- _TASK STATEMENT_
Exactly as written, return all the data, leaving its pictures behind.

- _THE DATA_
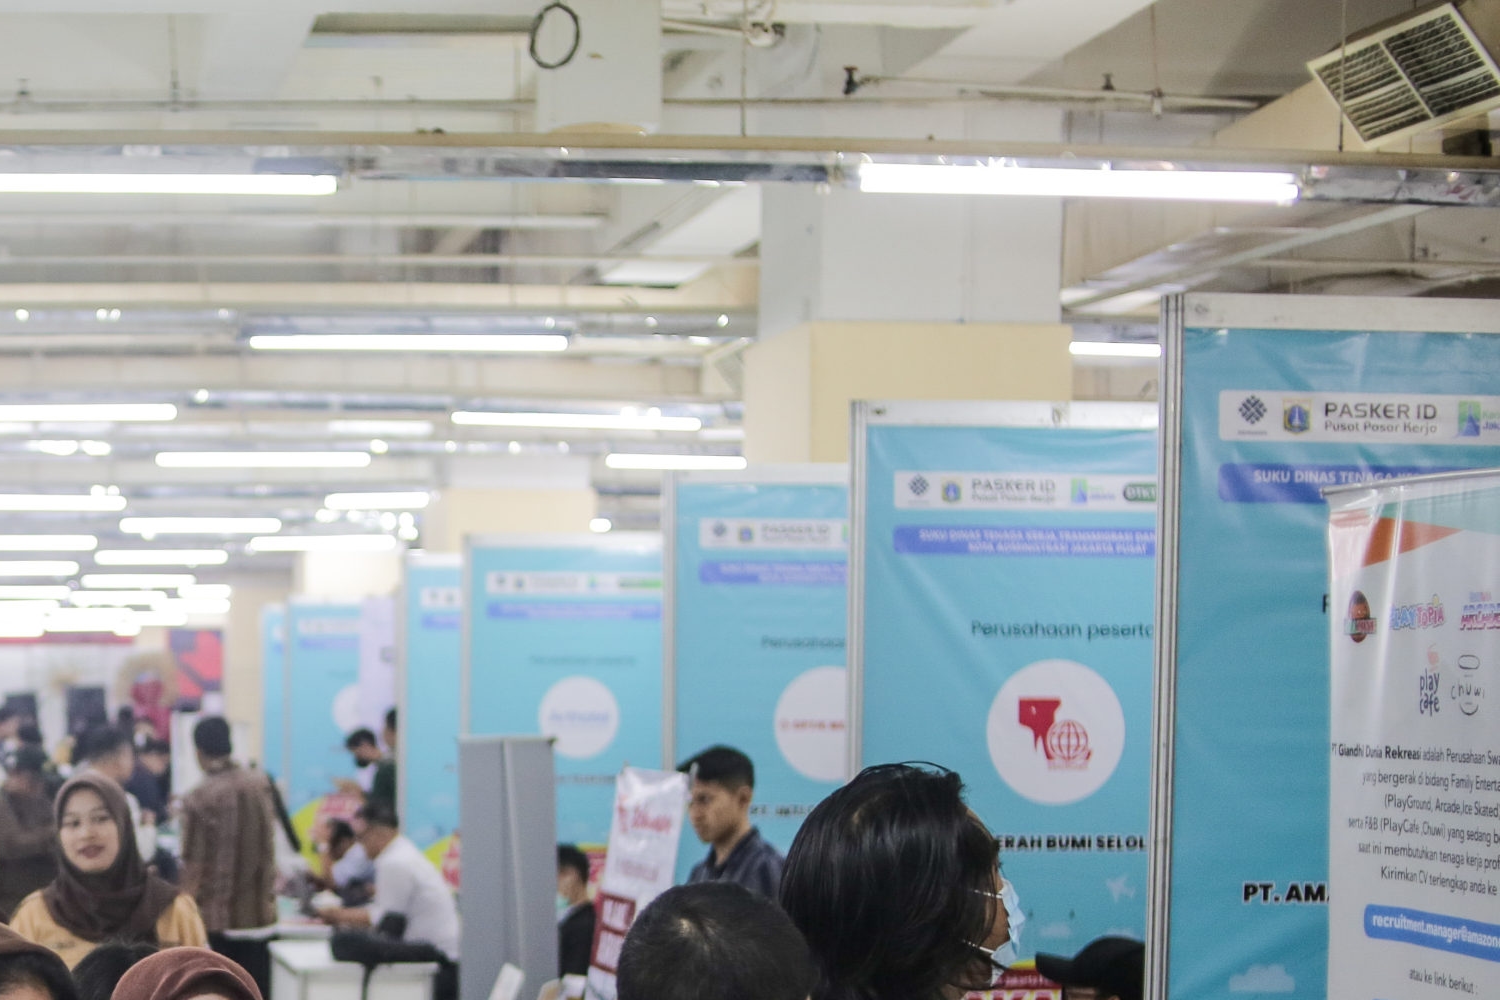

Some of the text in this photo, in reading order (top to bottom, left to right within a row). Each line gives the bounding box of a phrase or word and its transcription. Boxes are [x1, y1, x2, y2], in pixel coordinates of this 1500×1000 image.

[1324, 402, 1438, 420] PASKER ID
[1253, 470, 1290, 484] SUKU
[1295, 471, 1337, 485] DINAS
[971, 620, 1083, 638] Perusahaan
[1419, 668, 1440, 696] play
[1419, 692, 1440, 716] cafe
[1385, 745, 1421, 760] Rekreasi
[1446, 747, 1486, 765] Perusahaan
[1378, 770, 1416, 788] bergerak
[1425, 772, 1449, 791] bidang
[1451, 773, 1473, 793] Family
[996, 835, 1043, 850] ERAH
[1046, 835, 1093, 850] BUMI
[1447, 826, 1465, 843] yang
[1466, 827, 1491, 848] sedang
[1384, 844, 1438, 862] membutuhkan
[1439, 850, 1465, 869] tenaga
[1466, 854, 1483, 872] kerja
[1381, 866, 1498, 897] Kirimkan CV terlengkap anda ke
[1243, 883, 1329, 902] PT. AM
[1434, 974, 1447, 988] link
[1448, 976, 1474, 994] berikut
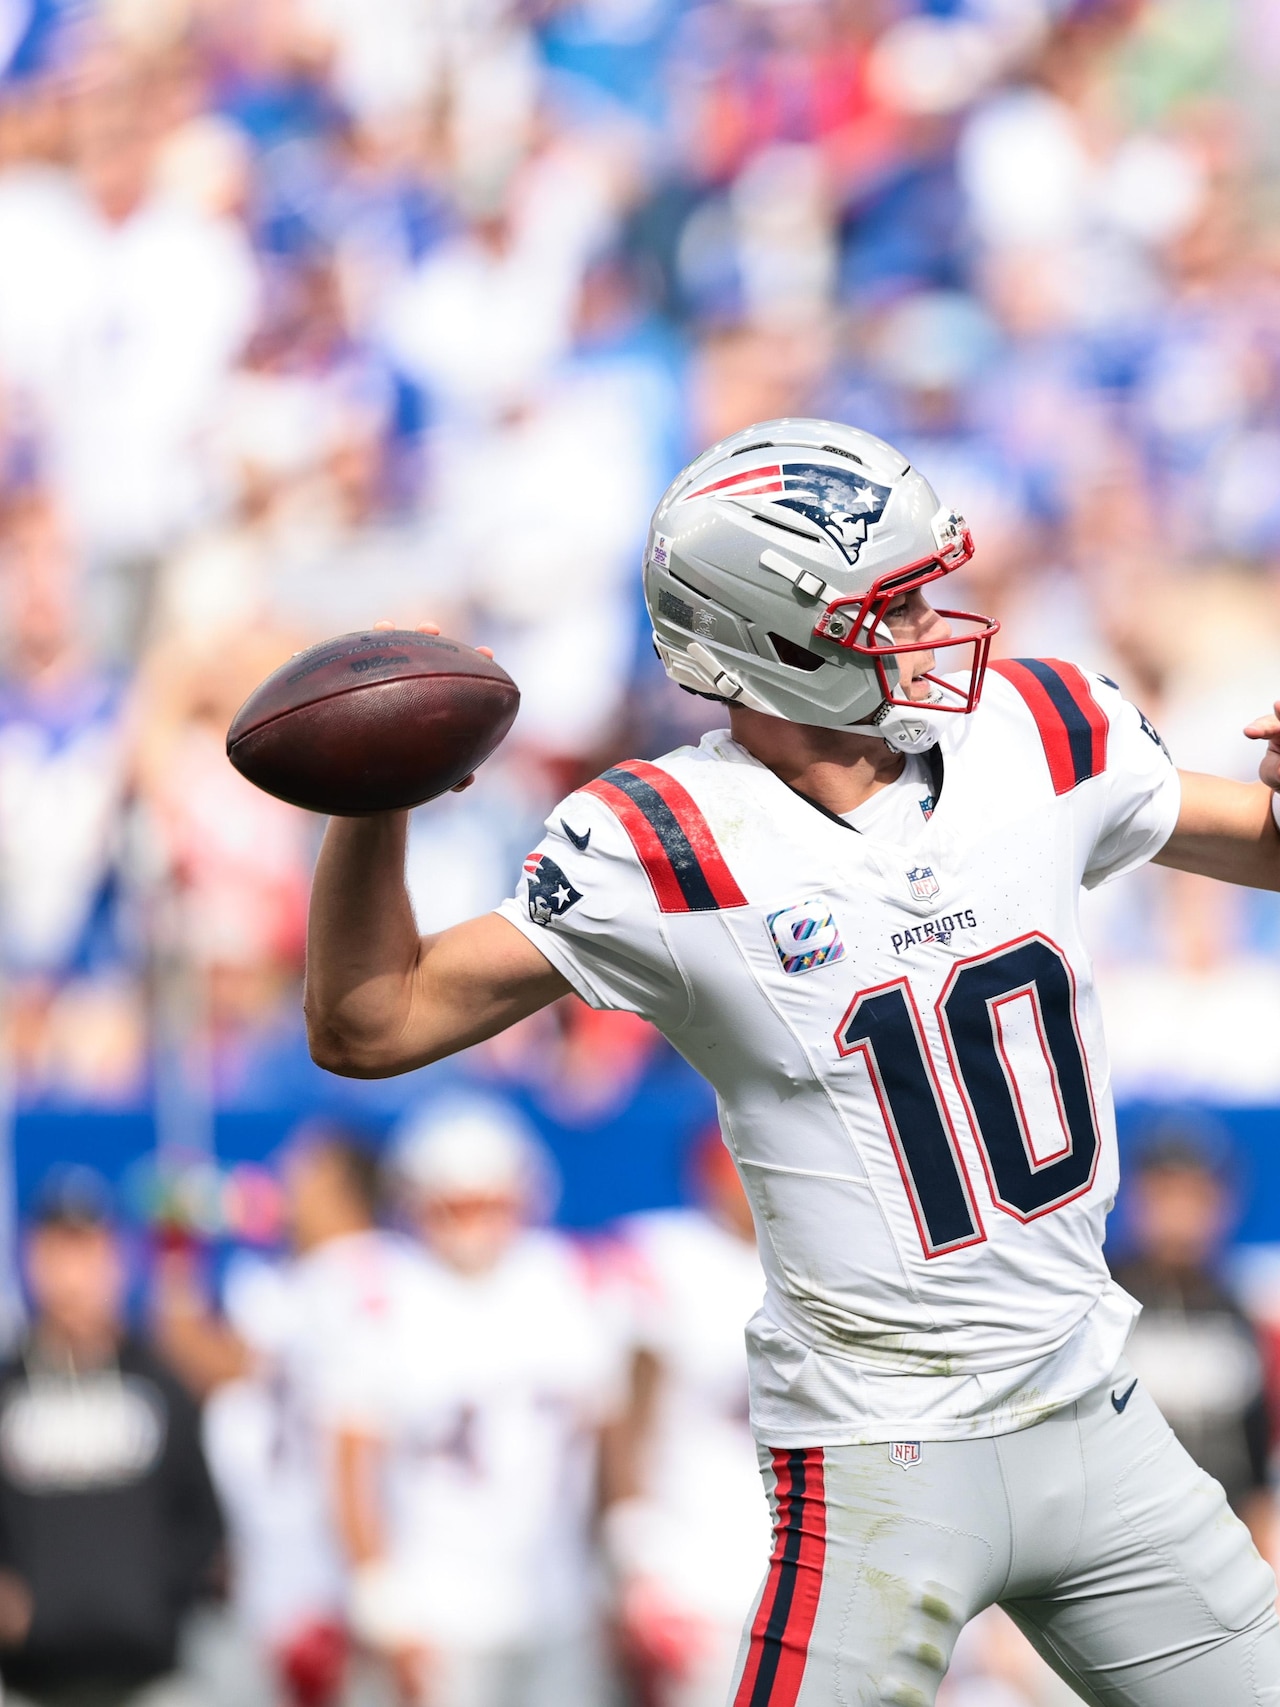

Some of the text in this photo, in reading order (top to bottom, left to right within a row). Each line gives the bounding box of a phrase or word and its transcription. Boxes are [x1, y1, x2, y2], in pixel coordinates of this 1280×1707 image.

- _YOUR SOLUTION_
Some of the text in this photo, in reading order (top to bottom, left to right within a row). Each line gives the bounding box of a phrase or word and its transcription. Boxes are [x1, y1, x2, y2], in pixel coordinates of this 1500×1000 image.

[1324, 402, 1438, 420] PASKER ID
[1253, 470, 1290, 484] SUKU
[1295, 471, 1337, 485] DINAS
[971, 620, 1083, 638] Perusahaan
[1419, 668, 1440, 696] play
[1419, 692, 1440, 716] cafe
[1385, 745, 1421, 760] Rekreasi
[1446, 747, 1486, 765] Perusahaan
[1378, 770, 1416, 788] bergerak
[1425, 772, 1449, 791] bidang
[1451, 773, 1473, 793] Family
[996, 835, 1043, 850] ERAH
[1046, 835, 1093, 850] BUMI
[1447, 826, 1465, 843] yang
[1466, 827, 1491, 848] sedang
[1384, 844, 1438, 862] membutuhkan
[1439, 850, 1465, 869] tenaga
[1466, 854, 1483, 872] kerja
[1381, 866, 1498, 897] Kirimkan CV terlengkap anda ke
[1243, 883, 1329, 902] PT. AM
[1434, 974, 1447, 988] link
[1448, 976, 1474, 994] berikut

Some of the text in this photo, in reading order (top to bottom, left to right within a row). Each line gives the bounding box of a phrase or word and its transcription. Boxes are [x1, y1, x2, y2], in pixel coordinates of this 1280×1707 image.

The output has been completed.